◆ What to work on ◆
Find the line with "this 1600×1067 image.". Repeat it and each line after it, exactly, down to the end of the records below.

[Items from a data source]
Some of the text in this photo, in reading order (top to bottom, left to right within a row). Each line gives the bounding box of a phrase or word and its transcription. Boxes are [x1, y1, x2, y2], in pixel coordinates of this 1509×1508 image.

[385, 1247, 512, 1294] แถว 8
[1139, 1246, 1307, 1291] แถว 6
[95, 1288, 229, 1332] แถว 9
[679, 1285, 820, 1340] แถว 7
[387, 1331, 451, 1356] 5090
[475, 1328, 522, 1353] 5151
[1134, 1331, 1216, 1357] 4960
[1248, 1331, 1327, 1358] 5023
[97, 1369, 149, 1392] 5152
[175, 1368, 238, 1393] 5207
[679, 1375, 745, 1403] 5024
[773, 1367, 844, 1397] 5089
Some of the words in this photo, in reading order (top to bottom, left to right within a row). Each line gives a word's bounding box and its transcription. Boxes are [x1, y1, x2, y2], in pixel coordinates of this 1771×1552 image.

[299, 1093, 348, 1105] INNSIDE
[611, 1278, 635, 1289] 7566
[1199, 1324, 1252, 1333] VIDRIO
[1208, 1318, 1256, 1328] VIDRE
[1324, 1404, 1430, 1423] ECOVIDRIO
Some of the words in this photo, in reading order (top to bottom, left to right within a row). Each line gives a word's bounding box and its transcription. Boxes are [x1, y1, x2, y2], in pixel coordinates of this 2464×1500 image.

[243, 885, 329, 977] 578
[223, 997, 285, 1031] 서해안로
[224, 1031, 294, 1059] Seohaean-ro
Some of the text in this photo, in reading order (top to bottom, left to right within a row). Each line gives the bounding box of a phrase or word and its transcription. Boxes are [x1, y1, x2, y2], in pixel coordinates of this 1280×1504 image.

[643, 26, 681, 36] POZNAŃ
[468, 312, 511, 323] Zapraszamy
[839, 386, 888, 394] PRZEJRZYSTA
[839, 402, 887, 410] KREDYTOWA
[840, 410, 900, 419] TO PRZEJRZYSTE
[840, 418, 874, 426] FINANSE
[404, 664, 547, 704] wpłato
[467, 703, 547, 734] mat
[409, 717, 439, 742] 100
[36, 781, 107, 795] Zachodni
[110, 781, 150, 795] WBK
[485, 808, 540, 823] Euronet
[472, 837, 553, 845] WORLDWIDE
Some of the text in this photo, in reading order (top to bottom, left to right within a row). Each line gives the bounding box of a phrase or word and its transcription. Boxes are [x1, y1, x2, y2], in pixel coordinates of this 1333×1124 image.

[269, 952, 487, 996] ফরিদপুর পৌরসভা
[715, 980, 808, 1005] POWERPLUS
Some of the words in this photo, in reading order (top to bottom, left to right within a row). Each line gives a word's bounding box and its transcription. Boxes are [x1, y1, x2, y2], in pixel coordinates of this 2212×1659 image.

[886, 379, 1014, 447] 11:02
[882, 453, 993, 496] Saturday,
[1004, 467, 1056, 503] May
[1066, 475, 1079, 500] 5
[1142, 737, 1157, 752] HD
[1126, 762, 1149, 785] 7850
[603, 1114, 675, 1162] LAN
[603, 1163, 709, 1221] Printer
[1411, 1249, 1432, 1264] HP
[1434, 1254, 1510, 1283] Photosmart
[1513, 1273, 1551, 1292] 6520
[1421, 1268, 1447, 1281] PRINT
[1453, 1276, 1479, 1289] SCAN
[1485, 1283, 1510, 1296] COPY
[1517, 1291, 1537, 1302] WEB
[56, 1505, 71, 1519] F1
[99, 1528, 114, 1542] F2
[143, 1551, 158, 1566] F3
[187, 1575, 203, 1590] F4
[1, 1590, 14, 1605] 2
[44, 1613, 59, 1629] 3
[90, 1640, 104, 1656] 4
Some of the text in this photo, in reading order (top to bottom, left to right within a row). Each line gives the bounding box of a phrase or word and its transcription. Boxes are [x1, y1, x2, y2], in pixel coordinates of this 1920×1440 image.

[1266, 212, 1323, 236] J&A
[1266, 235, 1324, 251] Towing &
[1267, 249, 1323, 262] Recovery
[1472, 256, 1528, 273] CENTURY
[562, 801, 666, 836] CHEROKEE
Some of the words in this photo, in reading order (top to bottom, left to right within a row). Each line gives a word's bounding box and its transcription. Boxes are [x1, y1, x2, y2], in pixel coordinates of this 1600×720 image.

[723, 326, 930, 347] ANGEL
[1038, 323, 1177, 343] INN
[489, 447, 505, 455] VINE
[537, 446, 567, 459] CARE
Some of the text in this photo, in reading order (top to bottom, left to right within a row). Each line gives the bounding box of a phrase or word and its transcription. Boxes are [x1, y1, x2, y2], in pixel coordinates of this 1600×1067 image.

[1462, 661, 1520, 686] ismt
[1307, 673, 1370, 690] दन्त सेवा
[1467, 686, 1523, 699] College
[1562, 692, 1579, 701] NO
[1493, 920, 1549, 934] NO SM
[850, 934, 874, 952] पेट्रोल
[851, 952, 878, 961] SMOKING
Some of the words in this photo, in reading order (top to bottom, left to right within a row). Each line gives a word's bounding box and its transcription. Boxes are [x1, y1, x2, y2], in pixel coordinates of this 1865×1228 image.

◆ Response box ◆
Some of the text in this photo, in reading order (top to bottom, left to right within a row). Each line gives the bounding box of a phrase or word and its transcription. Boxes are [x1, y1, x2, y2], in pixel coordinates of this 1600×1067 image.

[1462, 661, 1520, 686] ismt
[1307, 673, 1370, 690] दन्त सेवा
[1467, 686, 1523, 699] College
[1562, 692, 1579, 701] NO
[1493, 920, 1549, 934] NO SM
[850, 934, 874, 952] पेट्रोल
[851, 952, 878, 961] SMOKING
Some of the words in this photo, in reading order (top to bottom, left to right within a row). Each line gives a word's bounding box and its transcription. Boxes are [x1, y1, x2, y2], in pixel coordinates of this 1865×1228 image.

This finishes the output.